- Gangsi Location in Uttar Pradesh, India
- Coordinates: 27°07′59″N 78°55′33″E﻿ / ﻿27.13303°N 78.92587°E
- Country: India
- State: Uttar Pradesh
- District: Mainpuri
- Tehsil: Mainpuri

Area
- • Total: 12.297 km^{2} (4.748 sq mi)

Population (2011)
- • Total: 5,354
- • Density: 435.4/km^{2} (1,128/sq mi)
- Time zone: UTC+5:30 (IST)
- PIN: 205119

= Gangsi, India =

Village in Uttar Pradesh, India

Gangsi is a village in Mainpuri block of Mainpuri district, Uttar Pradesh, India. As of 2011, it had a population of 5,354, in 934 households.

== Geography ==
Gangsi is located on the Etawah branch of the Lower Ganga Canal, at a point where it bends to the south. The Gangsi Drain, a left-side distributary of the main canal, branches off here. There is also a canal fall on the main canal at Gangsi, as well as a bridge crossing the canal.

== Demographics ==
As of 2011, Gangsi had a population of 5,354, in 934 households. This population was 54.7% male (2,929) and 45.3% female (2,425). The 0-6 age group numbered 739 (383 male and 356 female), or 13.9% of the total population. 1,113 residents were members of Scheduled Castes, or 20.8% of the total.

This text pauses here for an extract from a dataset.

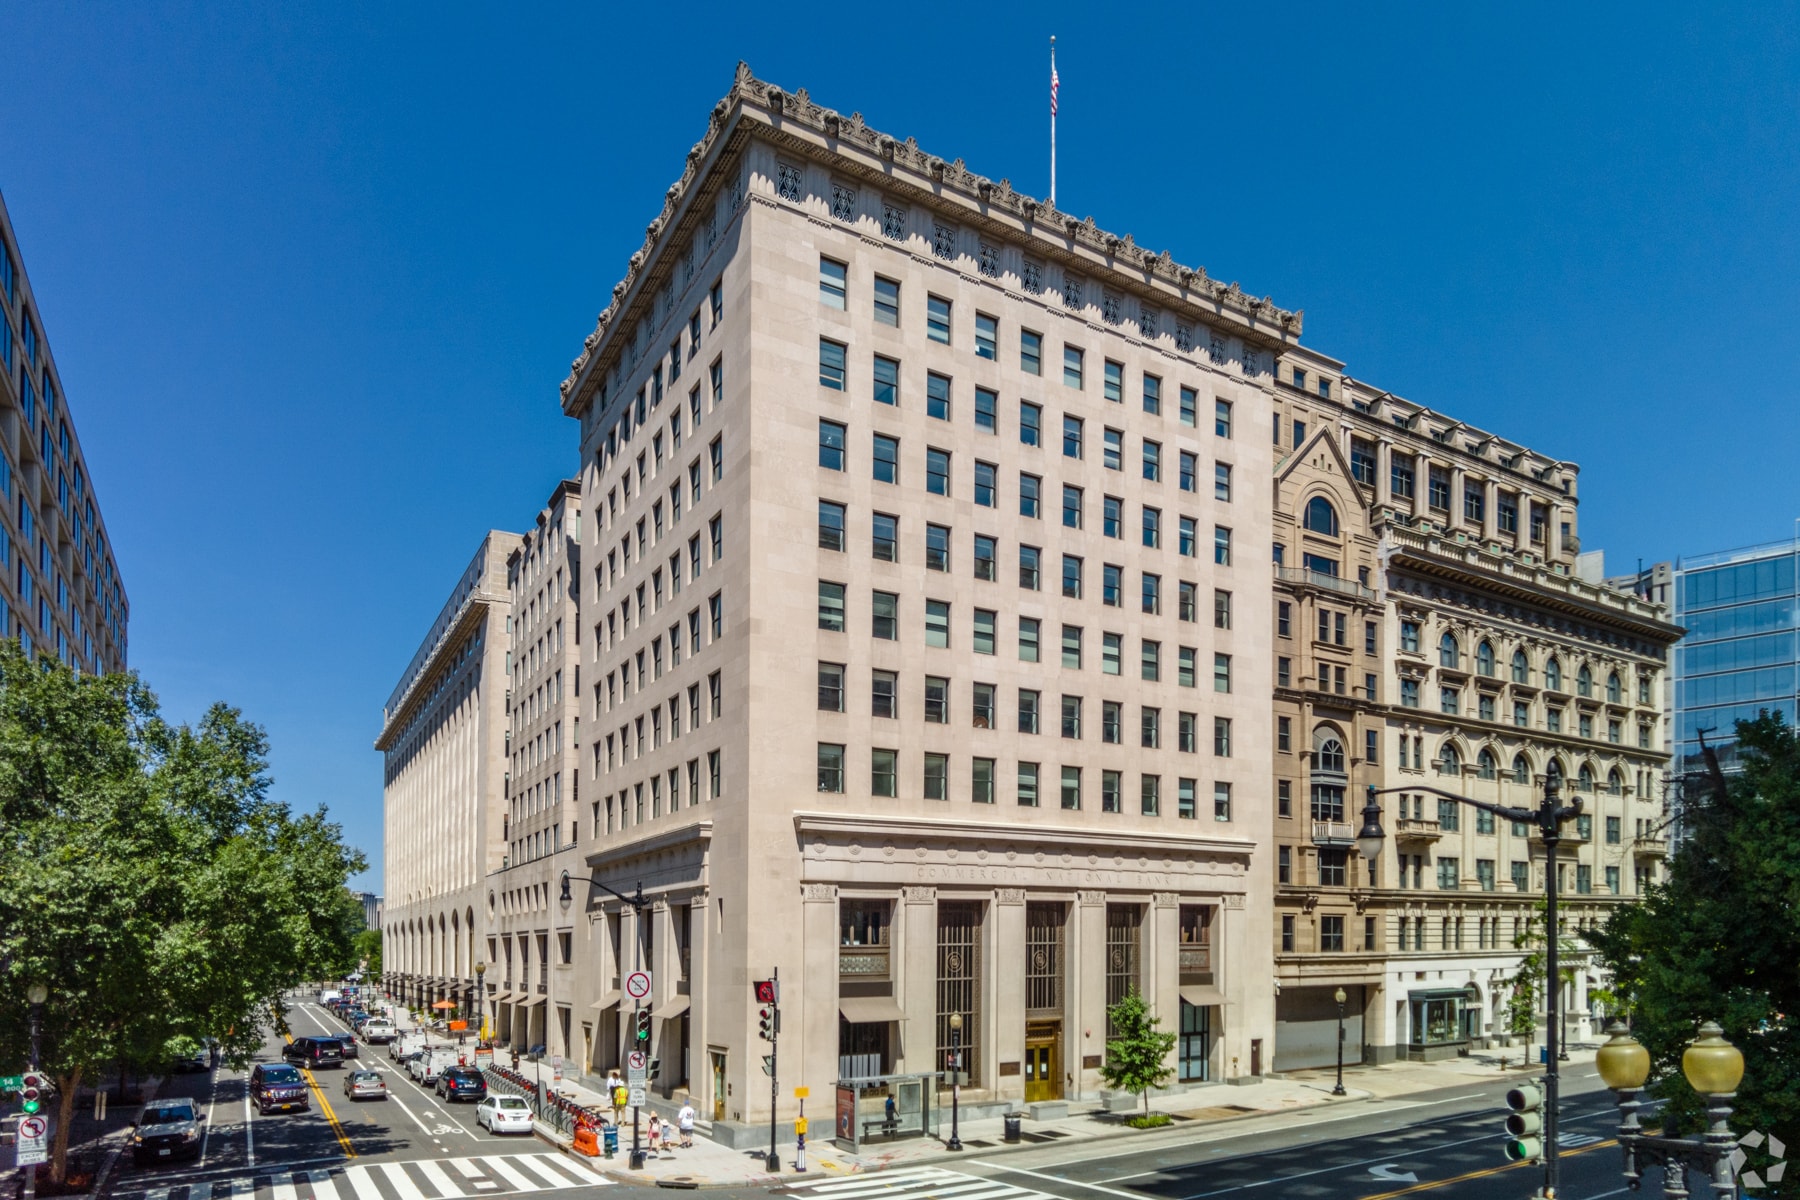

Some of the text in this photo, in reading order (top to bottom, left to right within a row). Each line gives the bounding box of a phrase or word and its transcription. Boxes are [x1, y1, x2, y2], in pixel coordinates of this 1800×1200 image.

[917, 867, 1170, 885] COMMERCIAL NATIONAL BANK

The 1981 census recorded Gangsi as having a population of 3,340 people, in 593 households.

The 1961 census recorded Gangsi (as "Gangari") as comprising 11 hamlets, with a total population of 2,201 people (1,171 male and 1,030 female), in 407 households and 346 physical houses. The area of the village was given as 2,961 acres.

== Infrastructure ==
As of 2011, Gangsi had 2 primary schools; it did not have any healthcare facilities. Drinking water was provided by hand pump and tube well; there were no public toilets. The village had a post office but no public library; there was at least some access to electricity for all purposes. Streets were made of both kachcha and pakka materials.